Les quatre auteurs faisaient ainsi montre d’un irréprochable nationalisme, ne mentionnant la politique étrangère hasardeuse qu’avait menée le Pakistan au lendemain du retrait soviétique d’Afghanistan (15 mai 1988 -15 février 1989) et de l’Operation Enduring Freedom (Opération Liberté Immuable) étatsunien suite aux attentats du 11 septembre 2001. L’état-major des forces armées pakistanaises avait alors estimé nécessaire de mettre deux fers au feu. Il avait feint de consentir à l’ultimatum lancé par Washington et avait ainsi appuyé la guerre contre la terreur. Parallèlement, il avait offert aux talibans afghans une base de repli en leur territoire, afin de les autoriser à regagner le pouvoir lorsque les puissances occidentales délaisseraient la région.

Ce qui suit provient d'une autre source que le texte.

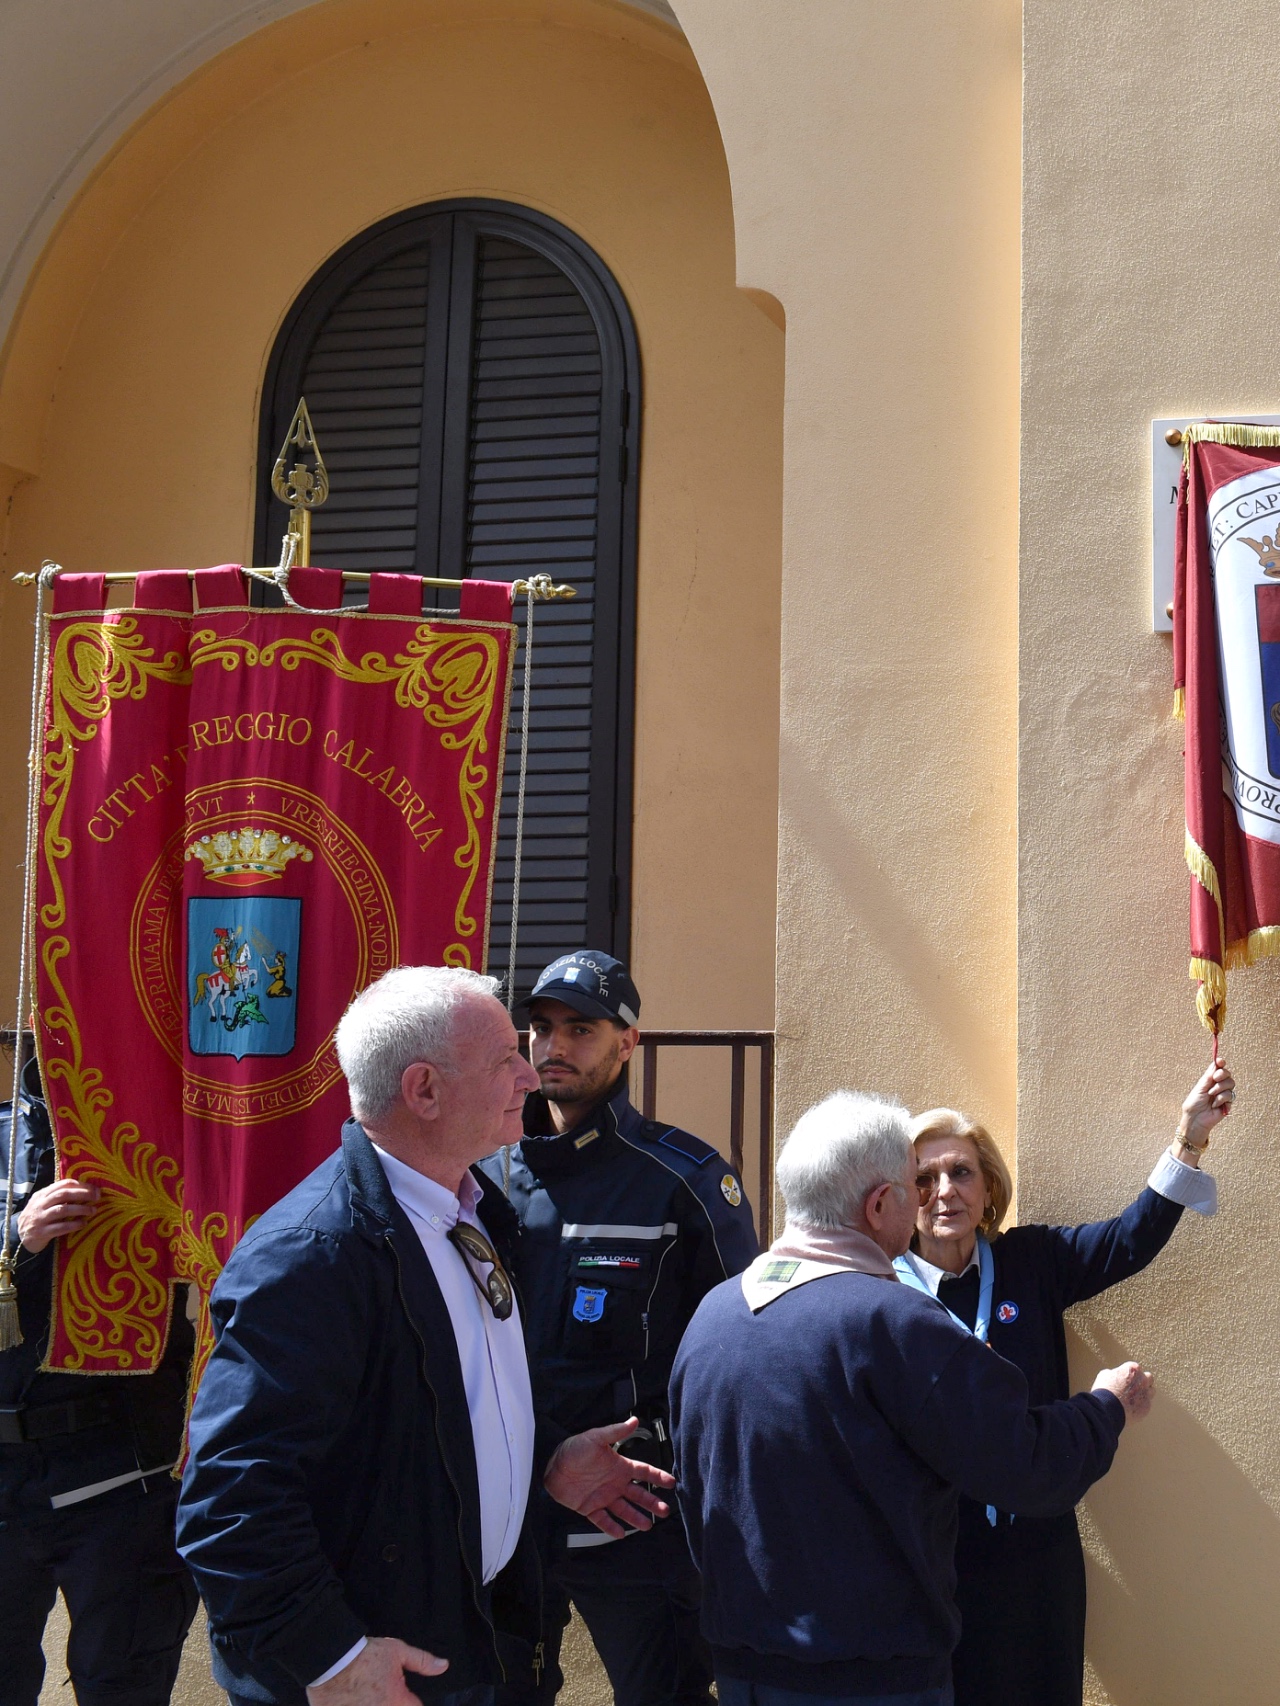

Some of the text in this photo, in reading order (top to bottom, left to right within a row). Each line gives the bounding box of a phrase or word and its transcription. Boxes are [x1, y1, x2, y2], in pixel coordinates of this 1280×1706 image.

[88, 711, 444, 853] CITTA' REGGIO CALABRIA
[185, 796, 223, 827] PVT
[538, 956, 609, 998] POLIZIA LOCALE
[609, 1255, 640, 1263] LOCALE
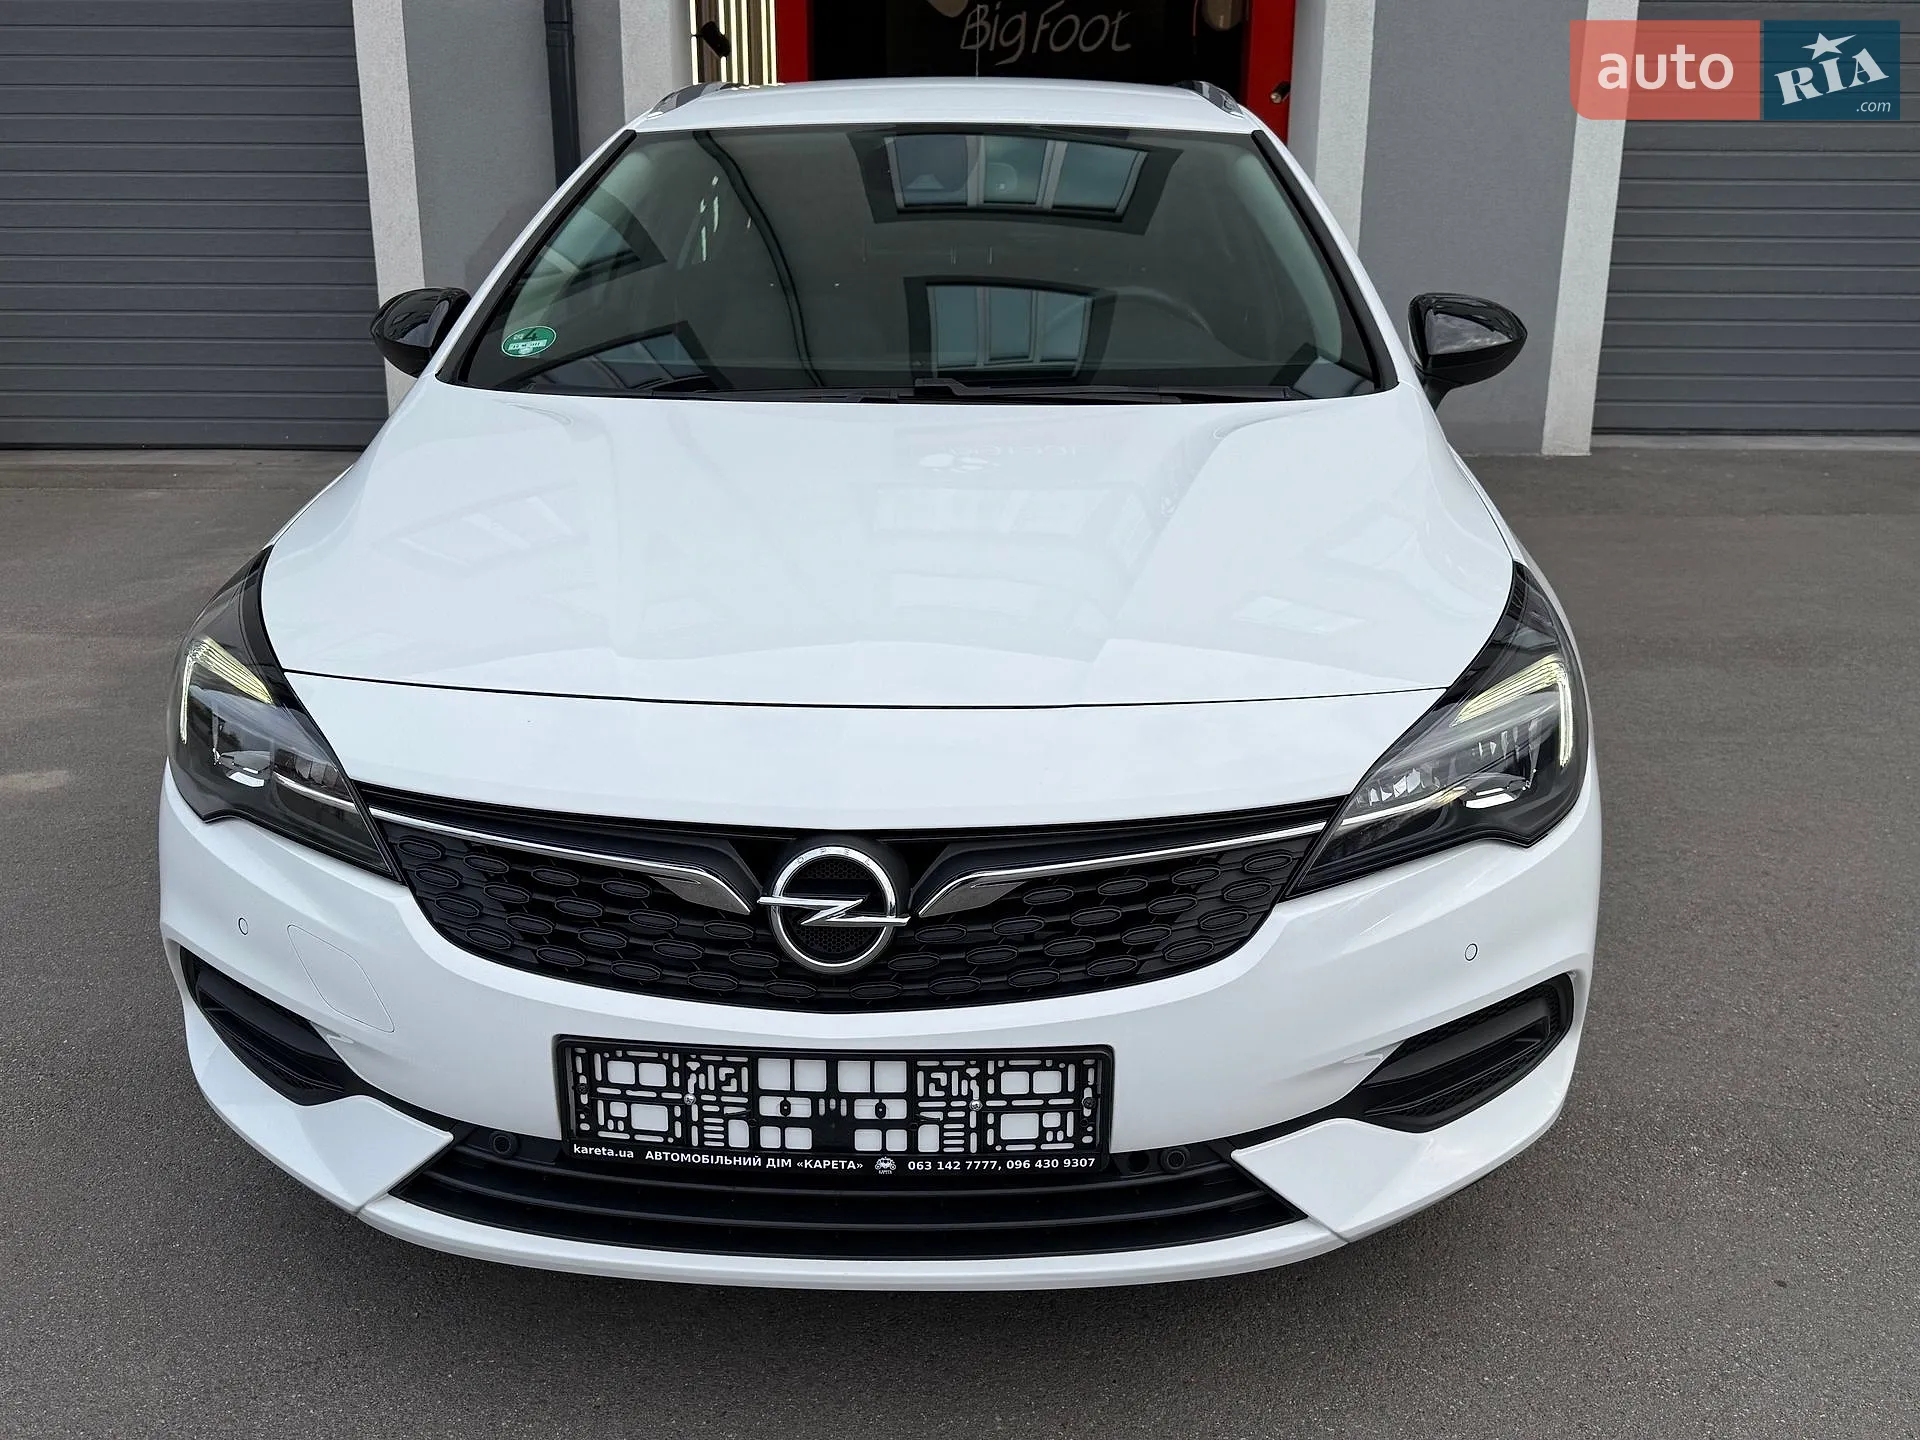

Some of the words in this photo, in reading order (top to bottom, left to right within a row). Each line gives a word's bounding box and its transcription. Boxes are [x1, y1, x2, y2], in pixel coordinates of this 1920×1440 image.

[797, 847, 871, 866] OPEL
[573, 1144, 634, 1158] kareta.ua
[645, 1150, 762, 1167] АВТОМОБІЛЬНИЙ
[766, 1158, 792, 1169] ДІМ
[796, 1159, 864, 1170] «КАРЕТА»
[908, 1161, 932, 1170] 063
[937, 1161, 961, 1170] 142
[965, 1160, 1002, 1171] 7777,
[1006, 1160, 1031, 1170] 096
[1035, 1159, 1059, 1169] 430
[1063, 1158, 1096, 1168] 9307
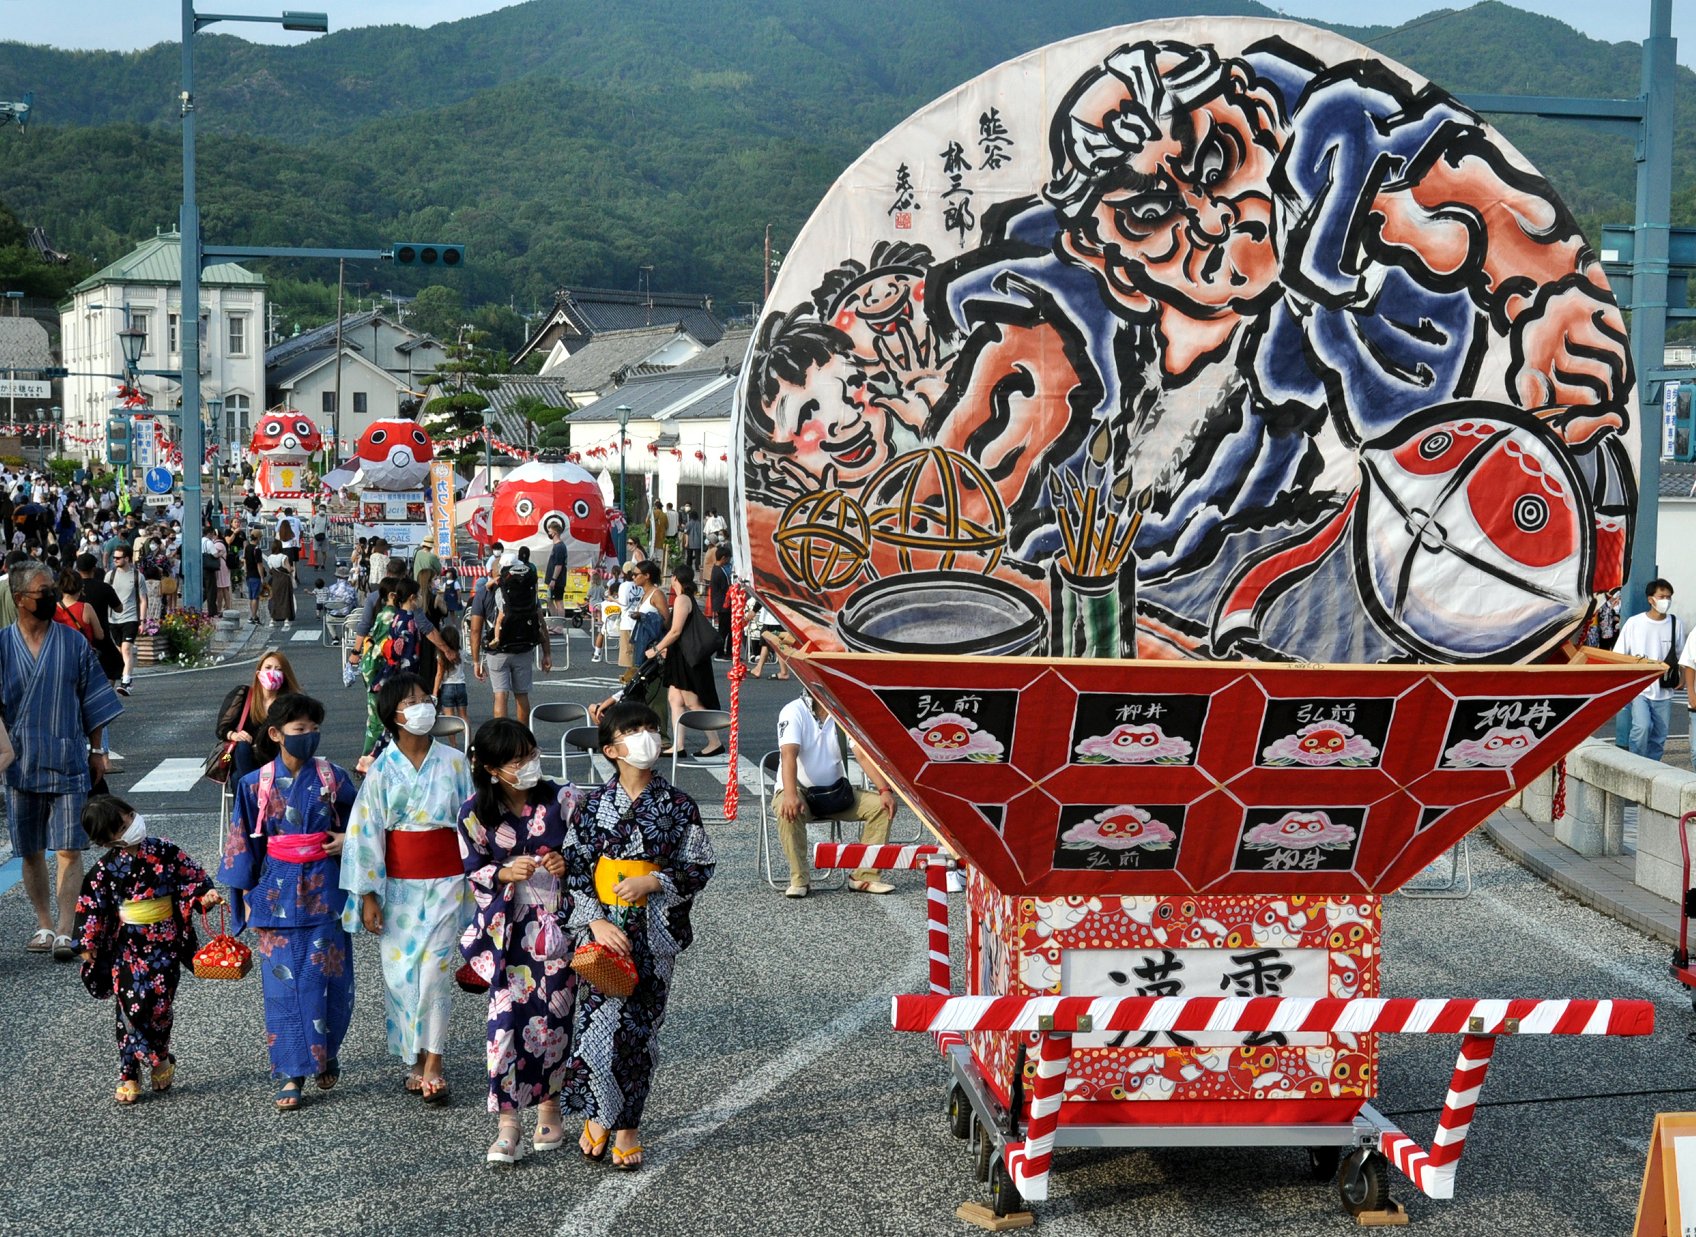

Les quatre auteurs de ce qui constituait finalement une lettre ouverte à la nation pakistanaise ont osé en venir à une dimension importante. Ils ont souligné que leur gouvernement se devait de réaffirmer sa volonté « d’empêcher » que son « territoire » n’abrite des « activités militantes » dont l’Afghanistan serait la cible. De même lui fallait-il « adopter des mesures visibles » qui témoigneraient d’une nouvelle orientation de sa politique extérieure. Il s’agissait, en conséquence, de renoncer à la distinction entre « bons » et « mauvais talibans » (les « bons talibans » parviendraient, selon les thèses défendues à Rawalpindi, à diriger de nouveau les destinées afghanes ; ils offriraient en leur territoire une profondeur stratégique au Pakistan ; les « mauvais talibans » étaient les responsables de nombre d’attentats qui avaient frappé la population civile pakistanaise). Et Ul Haque, Hussain Khokhar, Mohammad Khan et Mahmud Durrani de suggérer au Premier ministre Nawaz Sharif de faire montre d’une telle volonté lors du discours qu’il s’apprêtait à prononcer devant l’Assemblée Générale de l’ONU. Les Pakistanais devaient ainsi se demander pour quelle raison ils en étaient venus à appuyer les « éléments les plus régressifs » en Afghanistan au lieu d’œuvrer pour la paix. Aussi le pays n’était-il que très peu crédible lorsqu’il tentait de défendre la cause cachemirie. L’Inde avait ainsi beau jeu de réduire le mouvement cachemiri à une militance venue du Pakistan.